Instructions to follow: Although the records contain pictures, only their text should be set down, exactly as written.
•••
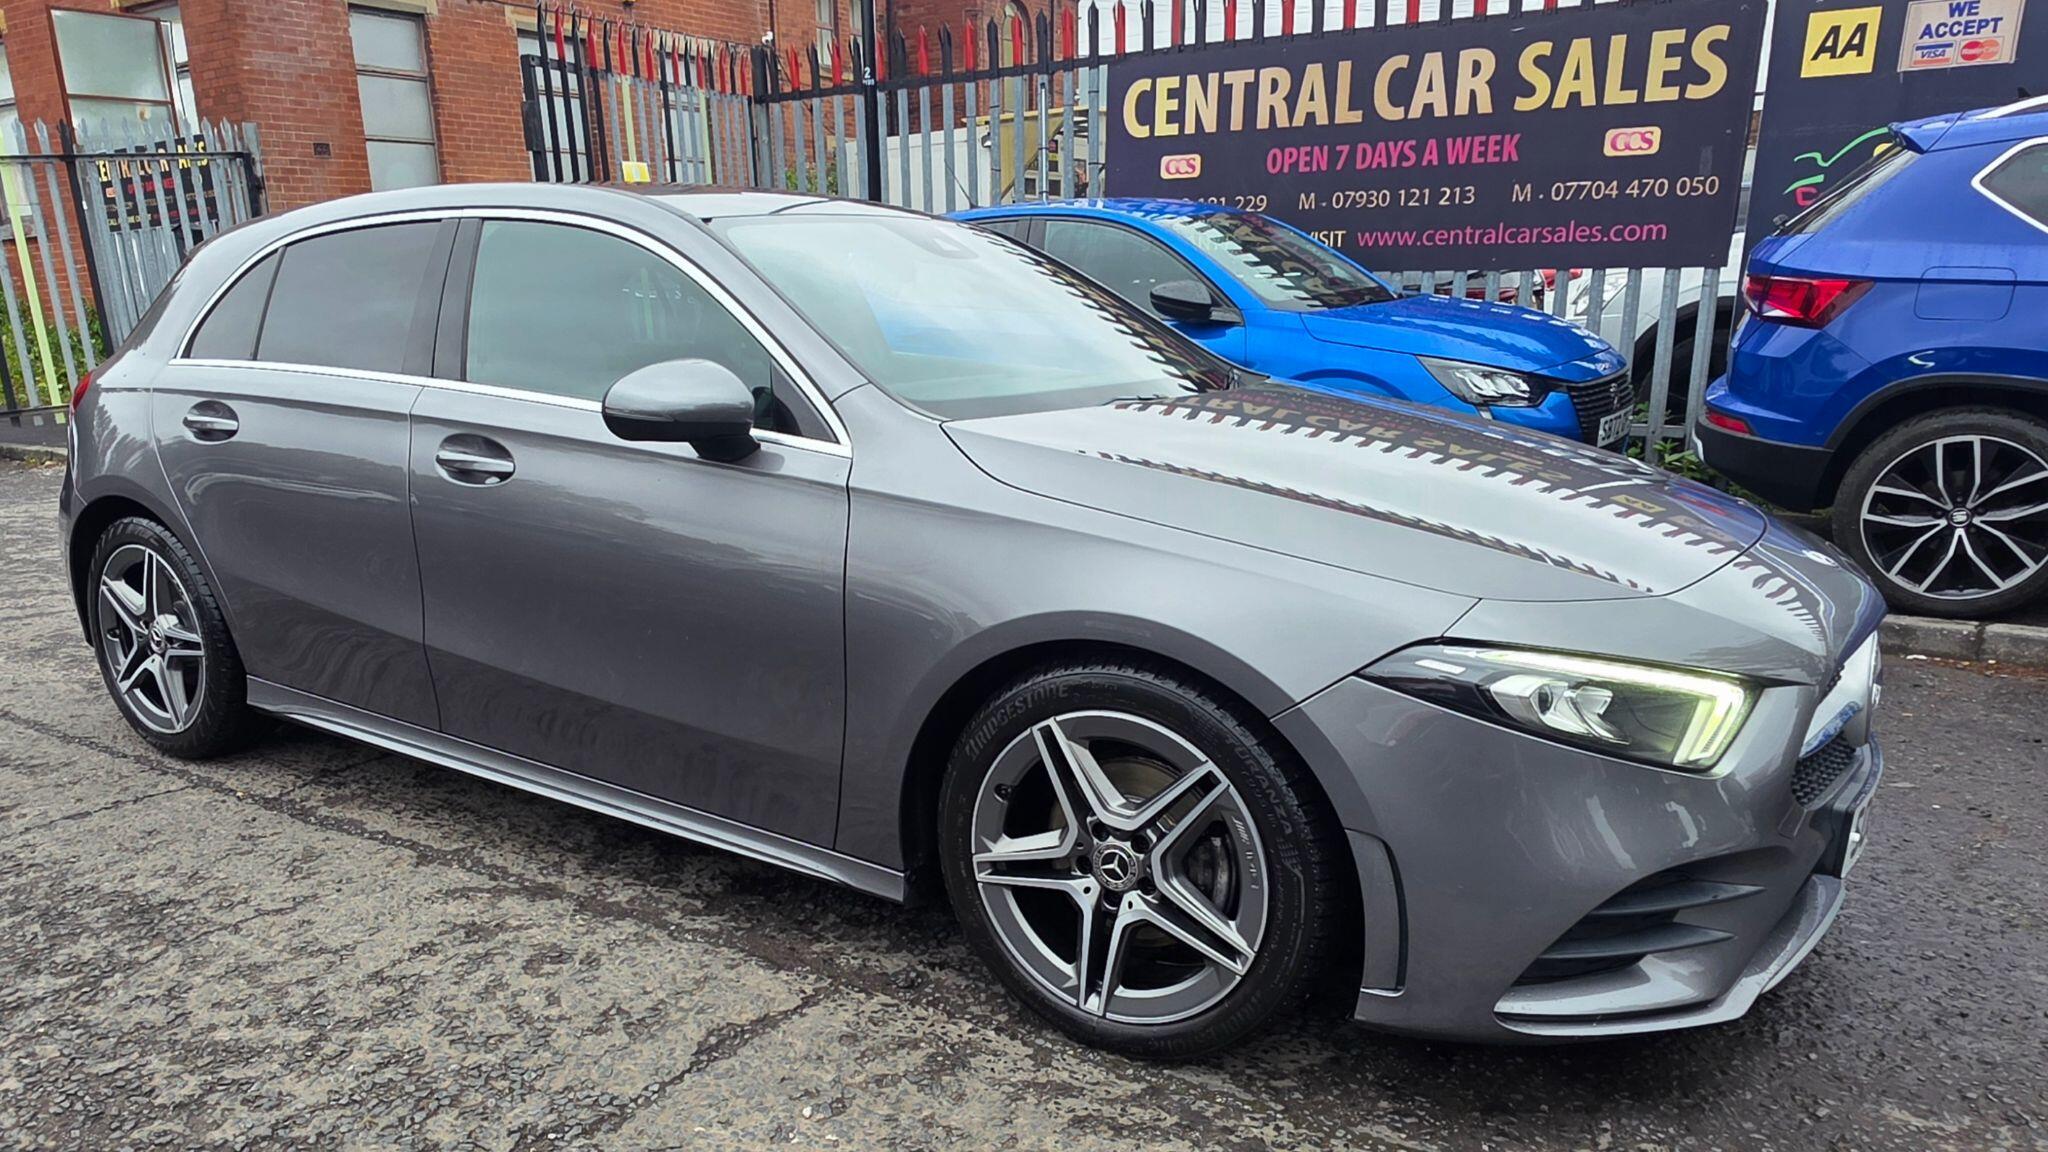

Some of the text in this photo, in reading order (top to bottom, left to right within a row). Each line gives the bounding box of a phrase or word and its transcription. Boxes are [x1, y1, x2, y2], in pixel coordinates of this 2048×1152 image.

[1949, 1, 1981, 18] WE
[1919, 17, 2003, 40] ACCEPT
[1810, 22, 1869, 62] AA
[1920, 49, 1946, 59] VISA
[1123, 24, 1731, 138] CENTRAL CAR SALES
[1610, 130, 1654, 152] CCS
[1266, 133, 1521, 174] OPEN 7 DAYS A WEEK
[1165, 157, 1196, 176] CCS
[1332, 188, 1390, 209] 07930
[1399, 187, 1430, 207] 121
[1438, 186, 1475, 206] 213
[1551, 180, 1618, 201] 07704
[1625, 177, 1669, 198] 470
[1675, 175, 1720, 196] 050
[1235, 195, 1268, 212] 229
[1310, 220, 1668, 248] ISIT www.centralcarsales.com
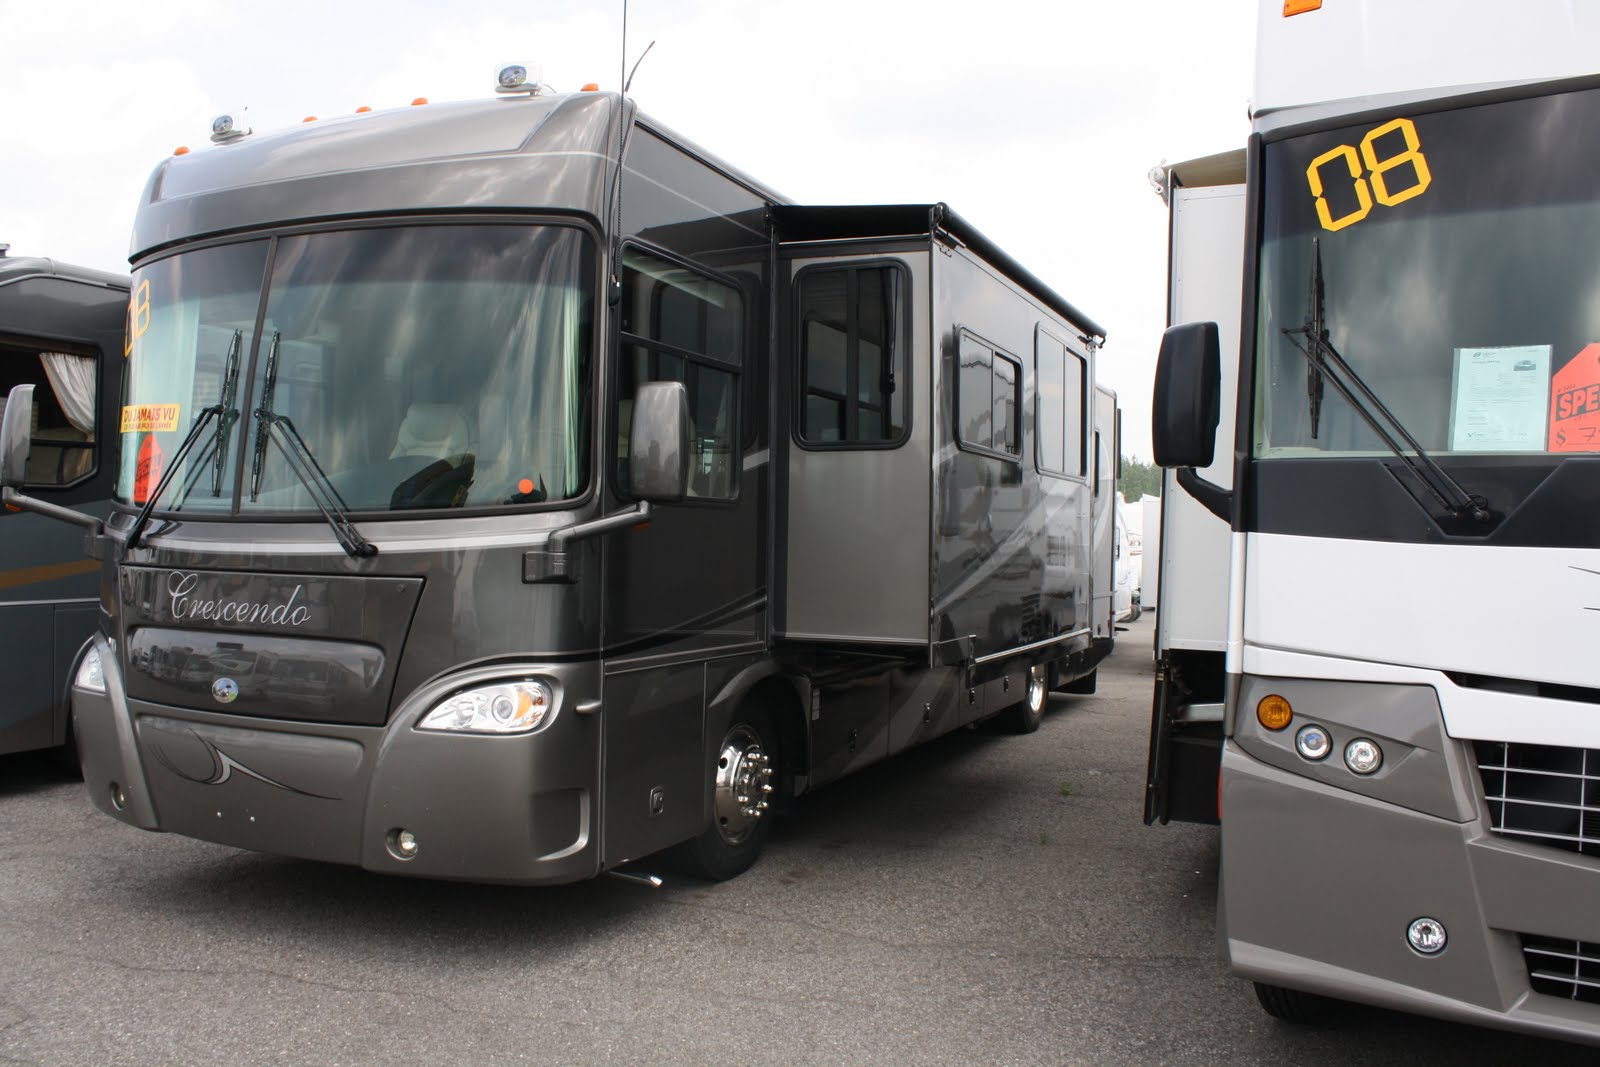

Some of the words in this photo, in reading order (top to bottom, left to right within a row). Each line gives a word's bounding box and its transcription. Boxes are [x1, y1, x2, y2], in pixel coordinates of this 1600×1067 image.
•••
Response to the exercise:
Some of the text in this photo, in reading order (top to bottom, left to right within a row). Each line gives the bounding box of a phrase or word and its transcription. Boxes are [x1, y1, x2, y2], in pixel coordinates of this 2048×1152 image.

[1949, 1, 1981, 18] WE
[1919, 17, 2003, 40] ACCEPT
[1810, 22, 1869, 62] AA
[1920, 49, 1946, 59] VISA
[1123, 24, 1731, 138] CENTRAL CAR SALES
[1610, 130, 1654, 152] CCS
[1266, 133, 1521, 174] OPEN 7 DAYS A WEEK
[1165, 157, 1196, 176] CCS
[1332, 188, 1390, 209] 07930
[1399, 187, 1430, 207] 121
[1438, 186, 1475, 206] 213
[1551, 180, 1618, 201] 07704
[1625, 177, 1669, 198] 470
[1675, 175, 1720, 196] 050
[1235, 195, 1268, 212] 229
[1310, 220, 1668, 248] ISIT www.centralcarsales.com

Some of the words in this photo, in reading order (top to bottom, left to right within a row). Each line gives a word's bounding box and its transcription. Boxes are [x1, y1, x2, y2], in pixel coordinates of this 1600×1067 image.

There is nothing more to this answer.